Это слово его язык привычно не желал выговаривать, потому вышло с запинкой. Но очень красноречиво. Ивга вскинула мокрые глаза:

– Он… зачем?.. подонок. Отомстил же уже, хватит… Так нет… Плюнул в спину… ядом… Чугайстеры – они же все… мучители. Как с навкой… Я видела. Хоровод… колесо. Кишки хорошо наматывать… Навки – не люди, но эти еще хуже… И почему им это позволяют? Все позволяют, будто так и надо? Навка… орет… А потом мешок, пластмассовый, на молнии… и фиалками пахнет… вроде бы фиалками, мерзко так…

Клавдий зажал себе нос. Невольно, машинально, – не желая чувствовать запах, существующий только в его воображении.

Ивга осеклась. Захлопала мокрыми ресницами, часто-часто, как крыльями. Хлоп-хлоп…

Он повернулся и вышел на кухню. Вытащил из холодильника бутылку пива, откупорил зубами и вылил в себя. Не ощутив вкуса. Желая забыть тот запах. И прогнать из мыслей мешок, полиэтиленовый, грязно-зеленого цвета. На железной молнии…

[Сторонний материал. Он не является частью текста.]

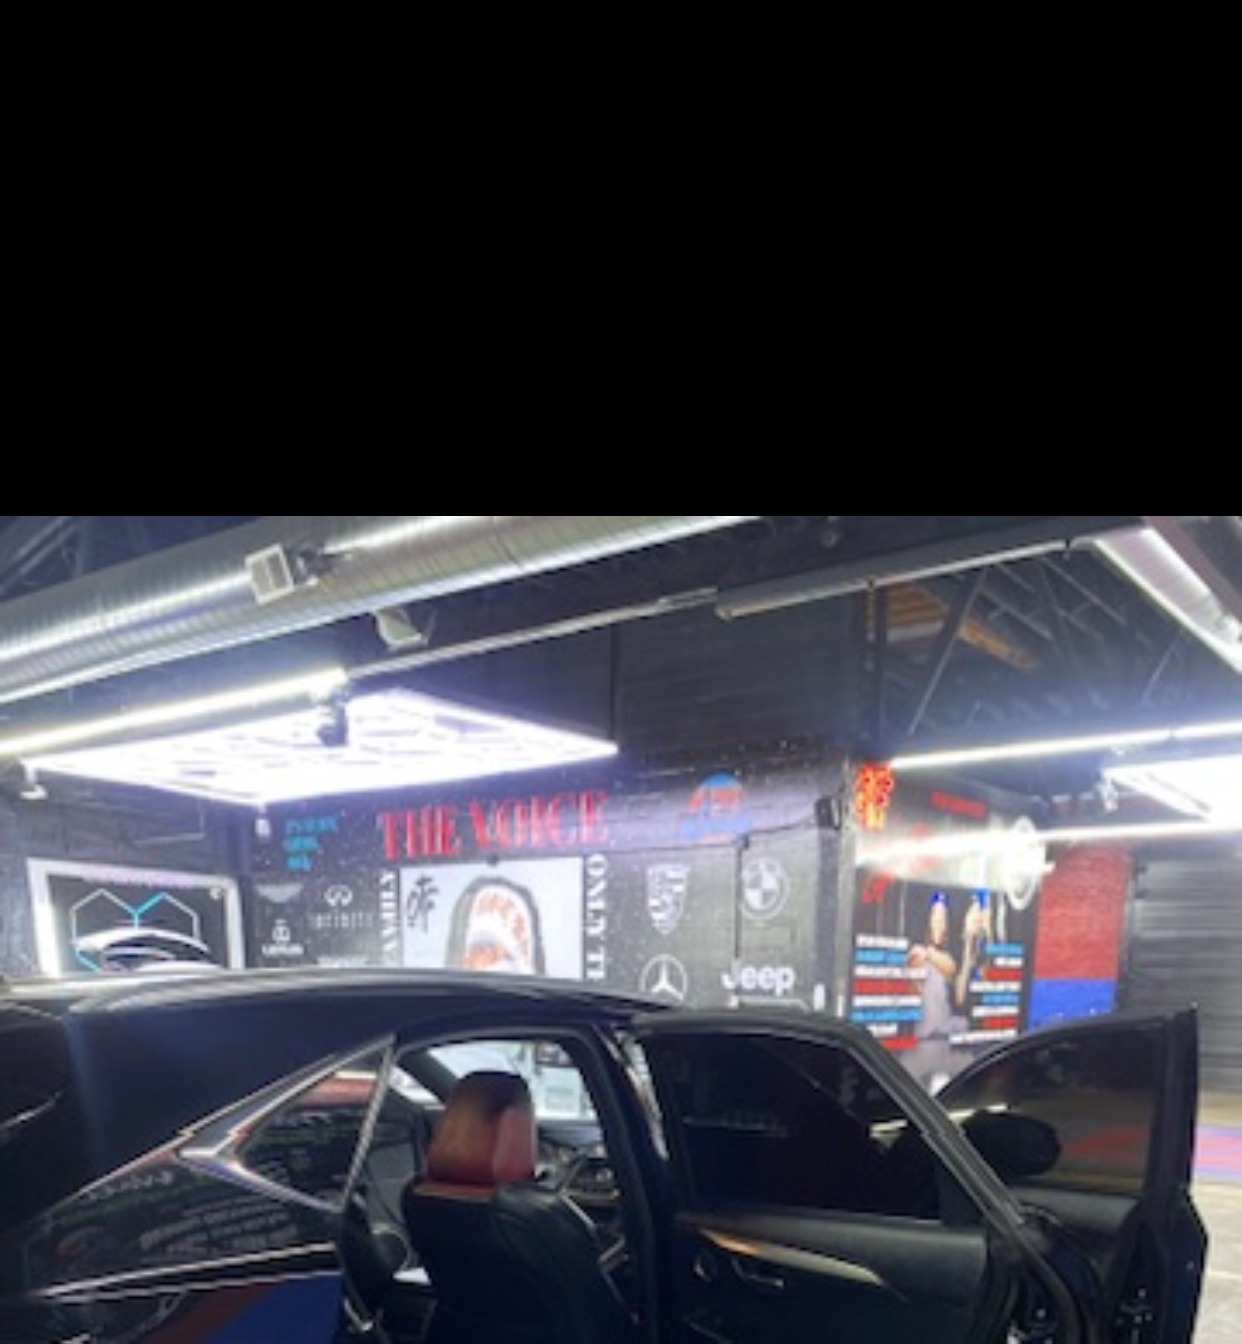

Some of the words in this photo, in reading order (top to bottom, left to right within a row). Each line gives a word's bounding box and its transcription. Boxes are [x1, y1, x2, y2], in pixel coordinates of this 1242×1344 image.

– Я… что-то не так сказала?

Ивга стояла в дверях кухни. С высохшими глазами. Внимательная и напряженная.

– Нет, Ивга. Все в порядке… Просто я терпеть не могу… фиалок.

Она покусала губу:

– Простите.

– За что?

Она смотрела серьезно. Грустно и даже, кажется, сочувственно.

(Дюнка. Май)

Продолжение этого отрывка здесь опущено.